Exercise prompt >> Your output must hold every entry exactly as written and none of the pictures.

[Stored data entries]
^^^^^^^^
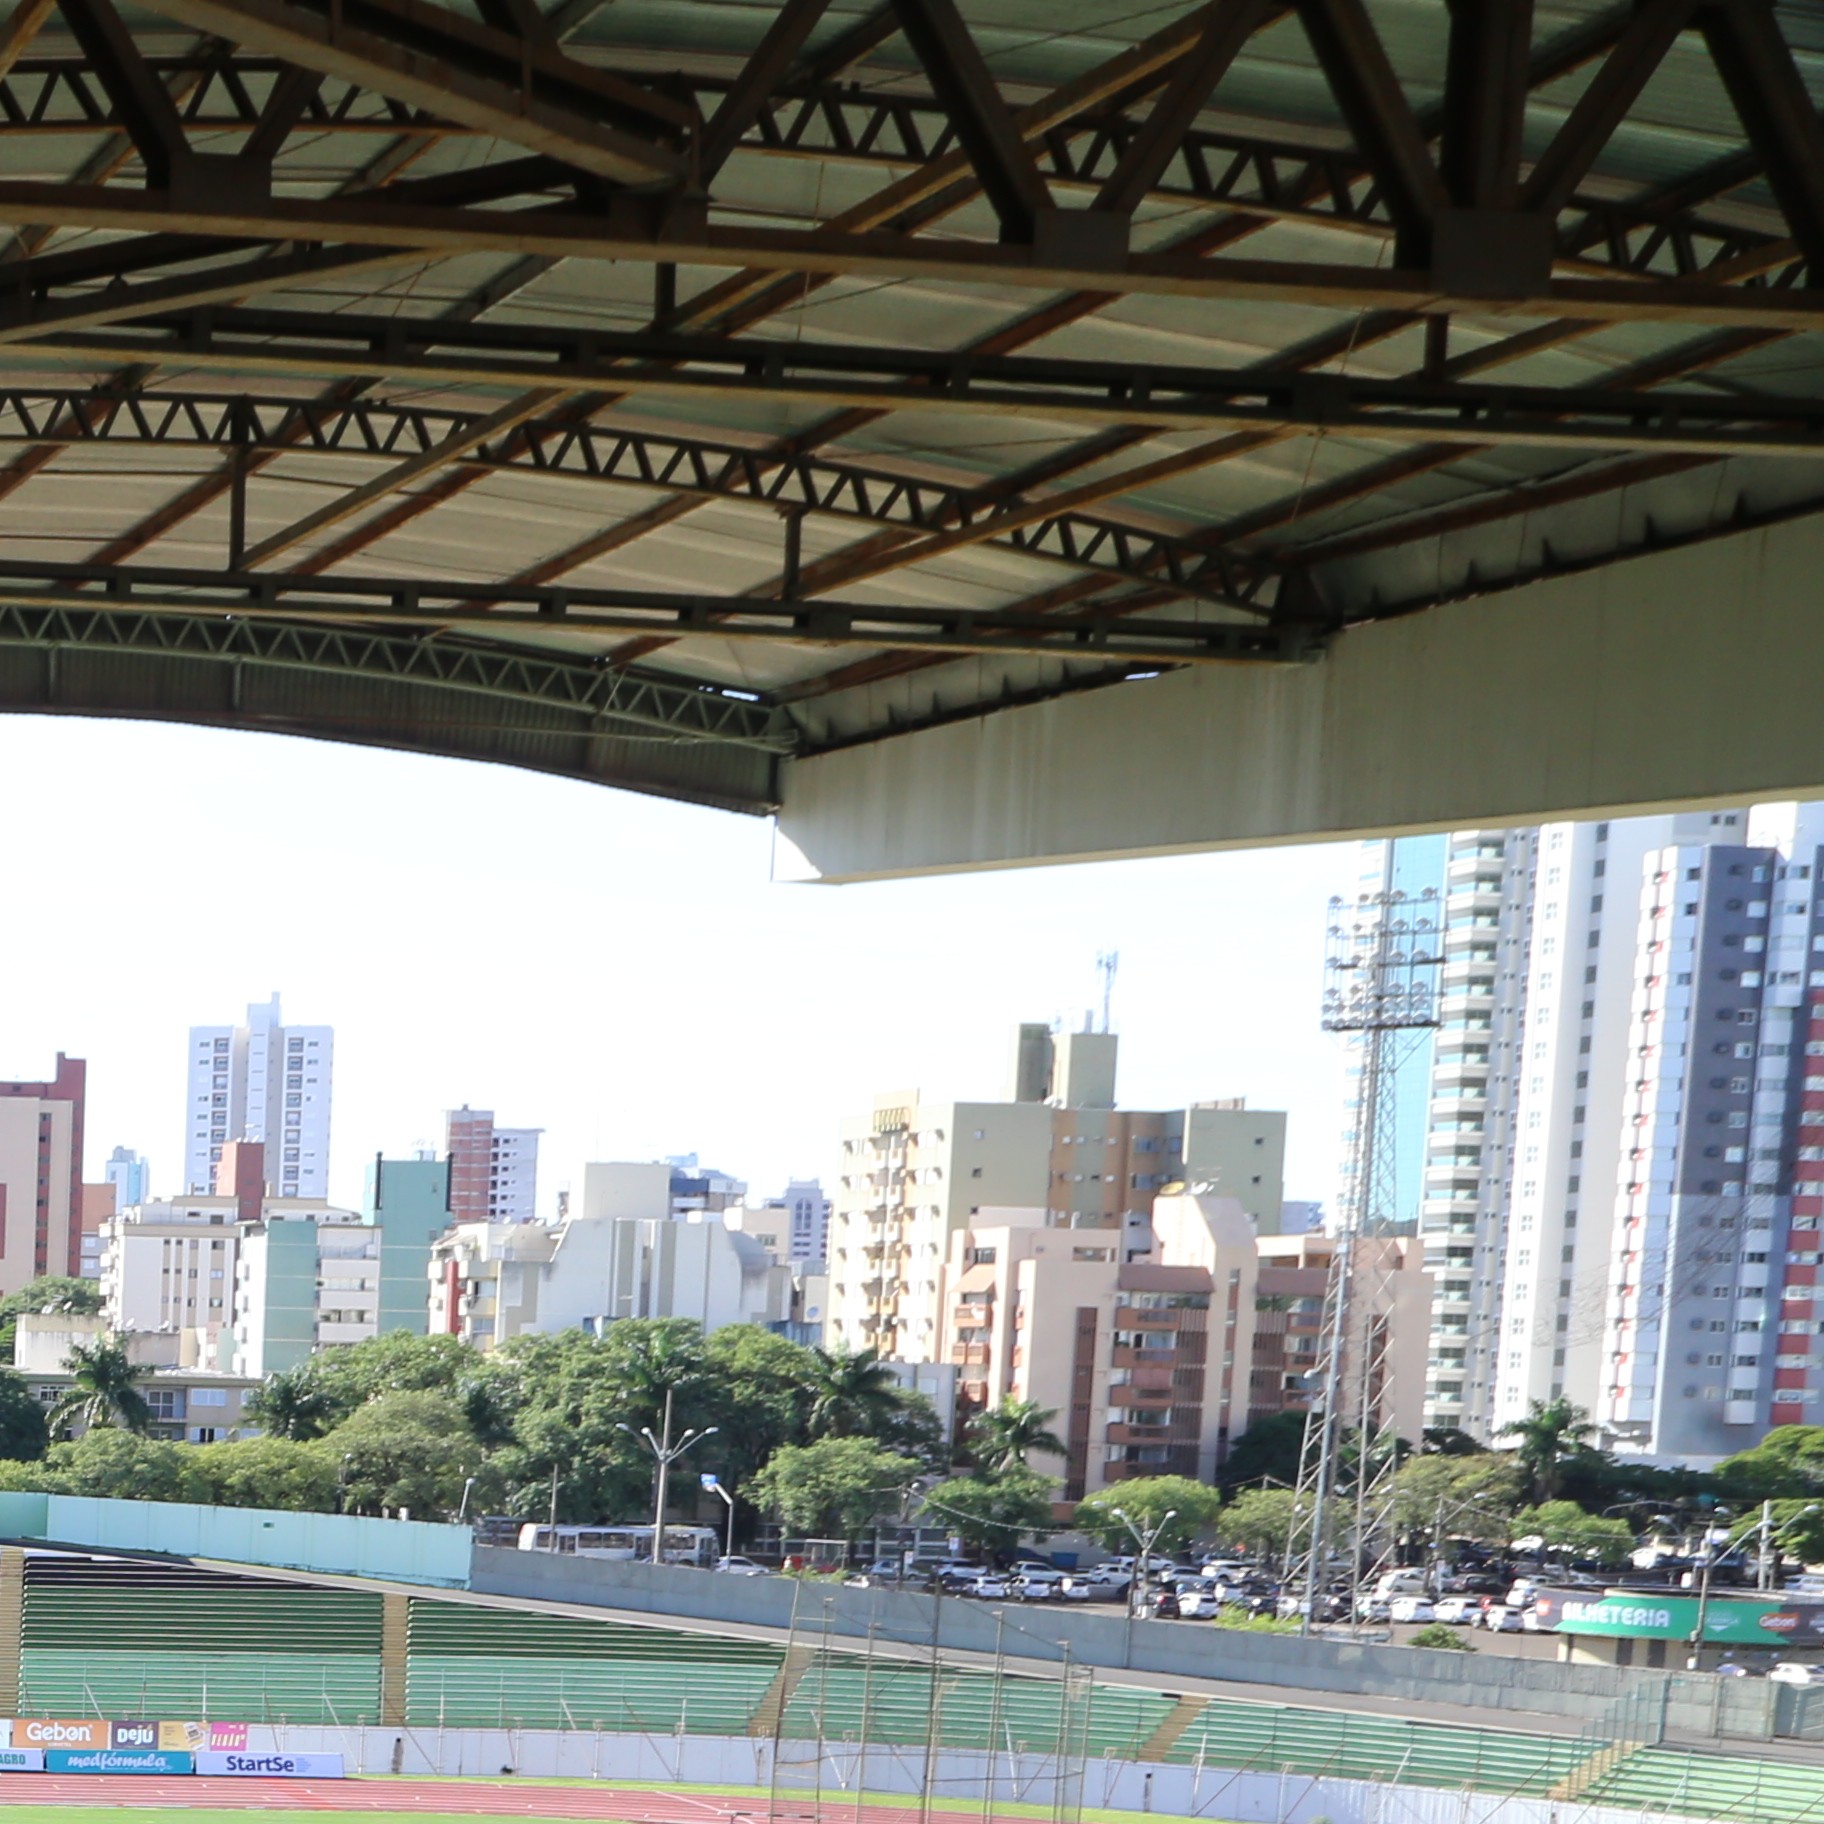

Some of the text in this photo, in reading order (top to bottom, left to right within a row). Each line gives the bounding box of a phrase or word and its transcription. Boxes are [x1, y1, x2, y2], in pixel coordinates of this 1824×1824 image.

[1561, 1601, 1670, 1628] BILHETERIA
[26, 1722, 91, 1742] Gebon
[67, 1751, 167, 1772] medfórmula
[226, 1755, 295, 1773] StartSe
^^^^^^^^
Result for this task >>
Some of the text in this photo, in reading order (top to bottom, left to right within a row). Each line gives the bounding box of a phrase or word and its transcription. Boxes are [x1, y1, x2, y2], in pixel coordinates of this 1824×1824 image.

[1561, 1601, 1670, 1628] BILHETERIA
[26, 1722, 91, 1742] Gebon
[67, 1751, 167, 1772] medfórmula
[226, 1755, 295, 1773] StartSe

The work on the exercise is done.